O Ministério Público Federal (MPF) e a Controladoria Geral da União (CGU) foram acionados para investigar a aquisição de equipamentos pelo Ministério da Fazenda, que totaliza R$ 7,5 milhões. A compra inclui 550 computadores de mesa, 700 cadeiras e 300 notebooks, e gerou preocupações devido à falta de justificativas para o alto gasto, especialmente considerando que 56% dos funcionários atuam em regime de home office.
Pedido de Investigação
A representação que solicita a investigação foi apresentada pelo deputado estadual Guto Zacarias, de Missão-SP. Ele destaca que as despesas para a compra revelam uma situação que merece apuração, questionando se houve estudos técnicos que demonstrassem a real necessidade dos itens adquiridos.
Acusações e Denúncias
O MPF registrou o pedido como uma notícia de fato, que será encaminhada a um procurador em Brasília. Além disso, uma denúncia anônima à CGU também chamou atenção para a falta de estudos técnicos preliminares relacionados à compra. Os valores já pagos incluem R$ 938 mil pelas cadeiras e R$ 3,7 milhões pelos computadores, enquanto os notebooks, no valor de R$ 2,8 milhões, ainda não foram entregues.
Detalhes das Aquisições
Os valores dos itens adquiridos são significativos. Os 550 computadores de mesa custaram R$ 3,756 milhões, com um custo unitário de R$ 6.830, enquanto as 700 cadeiras de escritório custaram R$ 938 mil, a R$ 1.340 cada. O total geral da compra, considerando os notebooks ainda não entregues, chega a R$ 7,53 milhões.

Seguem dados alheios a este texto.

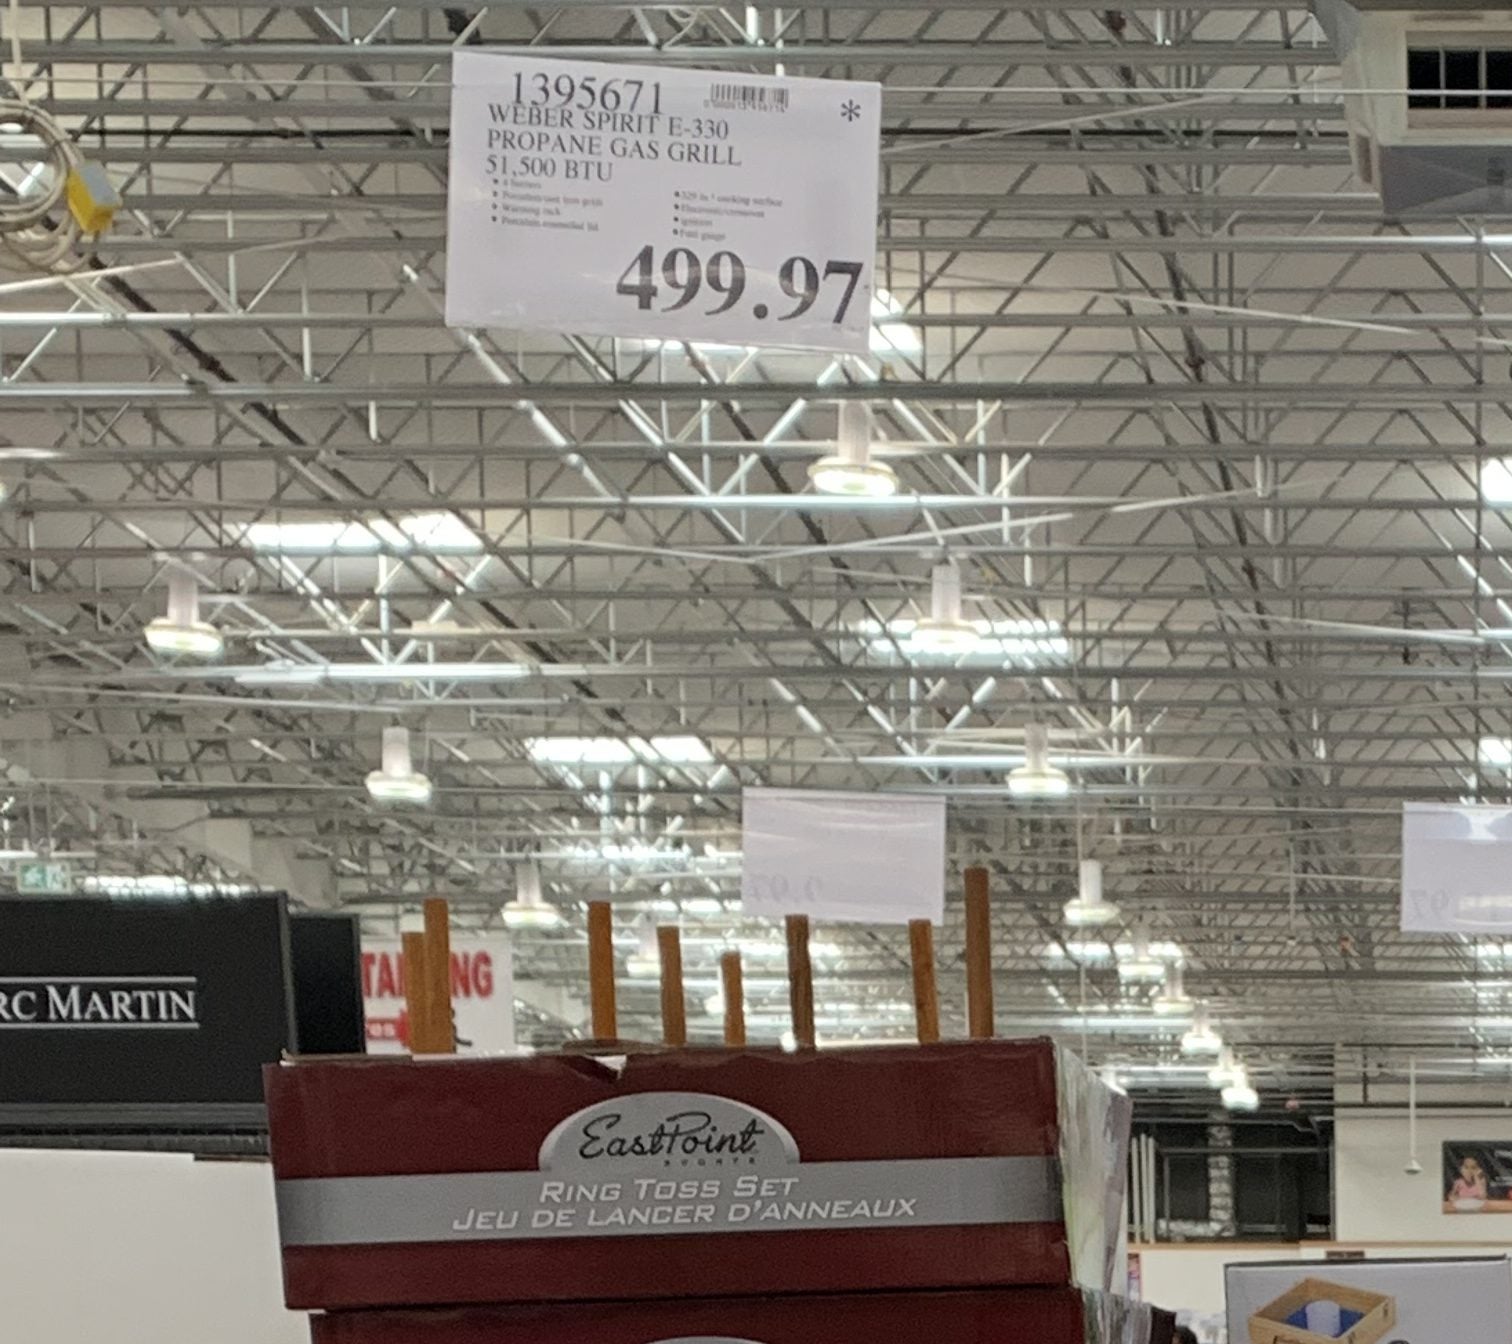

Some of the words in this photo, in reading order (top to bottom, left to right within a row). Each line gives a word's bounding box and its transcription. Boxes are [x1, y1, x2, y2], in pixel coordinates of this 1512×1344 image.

[513, 71, 665, 115] 1395671
[489, 103, 573, 128] WEBER
[582, 109, 661, 135] SPIRIT
[669, 118, 729, 140] E-330
[488, 128, 602, 156] PROPANE
[610, 137, 659, 161] GAS
[668, 142, 742, 166] GRILL
[485, 155, 556, 179] 51,500
[565, 160, 613, 181] BTU
[616, 245, 864, 326] 499.97
[48, 984, 197, 1022] MARTIN
[579, 1110, 764, 1160] EastPoint
[539, 1180, 621, 1203] RING
[634, 1178, 720, 1200] TOSS
[733, 1174, 799, 1197] SET
[452, 1208, 518, 1231] JEU
[531, 1208, 576, 1228] DE
[586, 1204, 713, 1226] LANCER
[728, 1198, 917, 1222] D'ANNEAUX

Justificativas da Secretaria do Tesouro Nacional
Em resposta às críticas, a Secretaria do Tesouro Nacional (STN) defende a necessidade da aquisição de equipamentos adequados para a continuidade das atividades institucionais. A STN afirma que seus colaboradores precisam acessar sistemas críticos, o que requer equipamentos geridos institucionalmente para garantir segurança e eficiência.
Considerações sobre o Mobiliário
Além disso, a STN ressalta que as cadeiras de escritório têm uma vida útil estimada de dez anos, e muitas já ultrapassaram esse limite, apresentando desgaste e limitações ergonômicas. A renovação do mobiliário é vista como essencial para garantir condições adequadas de trabalho, especialmente em um modelo de trabalho híbrido.